The story starts more than two decades years ago, when an expert committee convened by the World Health Organization (WHO) examined associations between BMI, body fat percentage, and risk factors for type 2 diabetes and cardiovascular disease in studies of Asian populations. They found that at similar BMI levels, Asian adults have higher body fat percentages and more metabolic risk factors than White adults. Although the WHO declined to formally establish different BMI thresholds for overweight and obesity in Asian populations, it suggested "additional trigger points for public health action": BMI greater than 23 represents "increased risk" and BMI greater than 27.5 represents "high risk."

In 2015, the American Diabetes Association (ADA) examined evidence from 4 cohort studies in Asian American populations and concluded that Asian American adults should be considered for diabetes screening if they have a BMI greater than 23, based on the prevalence of type 2 diabetes in this population being roughly equivalent to that in White Americans with a BMI greater than 25. (The U.S. Preventive Services Task Force recommends screening for prediabetes and diabetes in nonpregnant adults aged 35 to 70 with a BMI of 25 or greater, but it alludes to the ADA's lower threshold for Asian Americans in its practice considerations.) Notably, the studies cited by the ADA included virtually no persons of Chinese descent, despite Chinese being the largest Asian American subgroup. So this guideline does not necessarily apply to me.

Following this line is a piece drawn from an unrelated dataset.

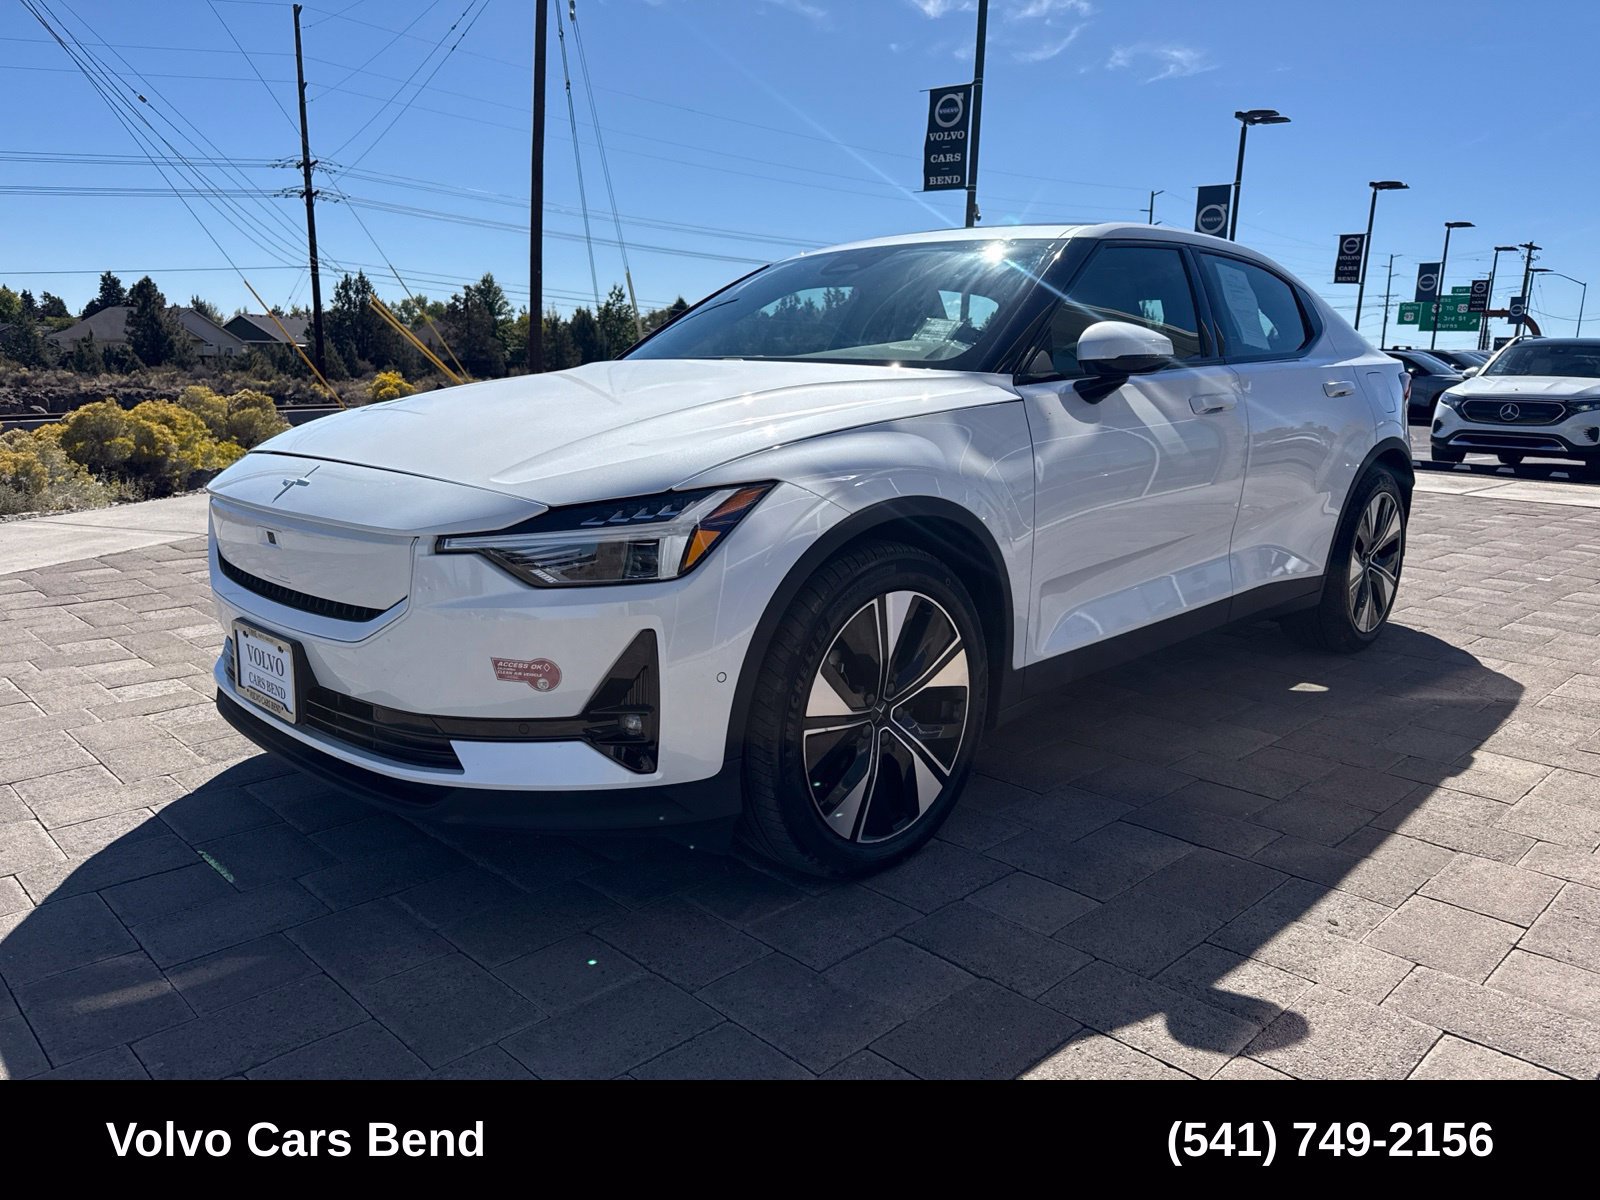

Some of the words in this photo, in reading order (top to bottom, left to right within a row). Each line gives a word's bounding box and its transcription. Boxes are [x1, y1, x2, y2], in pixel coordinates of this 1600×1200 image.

However, a 2009 study of a large cohort (n=36,386) of Taiwanese civil servants and schoolteachers over age 40 found that all-cause mortality increased significantly at BMIs greater than 25, analogous to the increase in mortality seen in White populations with obesity (BMI > 30). Taiwanese adults with BMIs from 23 to 24.9 had no difference in all-cause mortality compared to persons with lower BMIs but showed a nonsignificant trend toward increased cardiovascular mortality that was not modified by smoking status. That this study suggested a nearly identical risk threshold as studies in other Asian American populations would argue that I am not exempt.

A more recent comparative study of minority populations living in England found that South Asians with lower BMIs had the highest risk of developing diabetes, followed by Arab, Chinese, Black, and finally White populations. Presumably, race and ethnicity were self-identified. Similarly, a 2023 scientific statement from the American Heart Association found that the risk of coronary artery disease appears to be highest among South Asian and Filipino Americans and lowest among Chinese, Japanese, and Korean Americans, but cautioned that limited disaggregated data precluded making clinical recommendations based on race or ethnicity. As a JAMA news article recently noted, the common practice of national surveys lumping diverse ethnic groups into a single "Asian" obscures disparities within those groups and frustrates efforts to achieve health equity.

My admittedly selective review of the data leads me to believe there is probably some value to considering more intensive lifestyle counseling and metabolic screening in Asian patients with BMIs between 23 and 25, like me. But what do we do about the rising numbers of American adults of mixed race? Perhaps "precision medicine" will eventually find a way to integrate genetic and environmental risks and let clinicians dispense entirely with numeric thresholds and race categories, but I would be surprised if this occurs before the end of my career in medicine.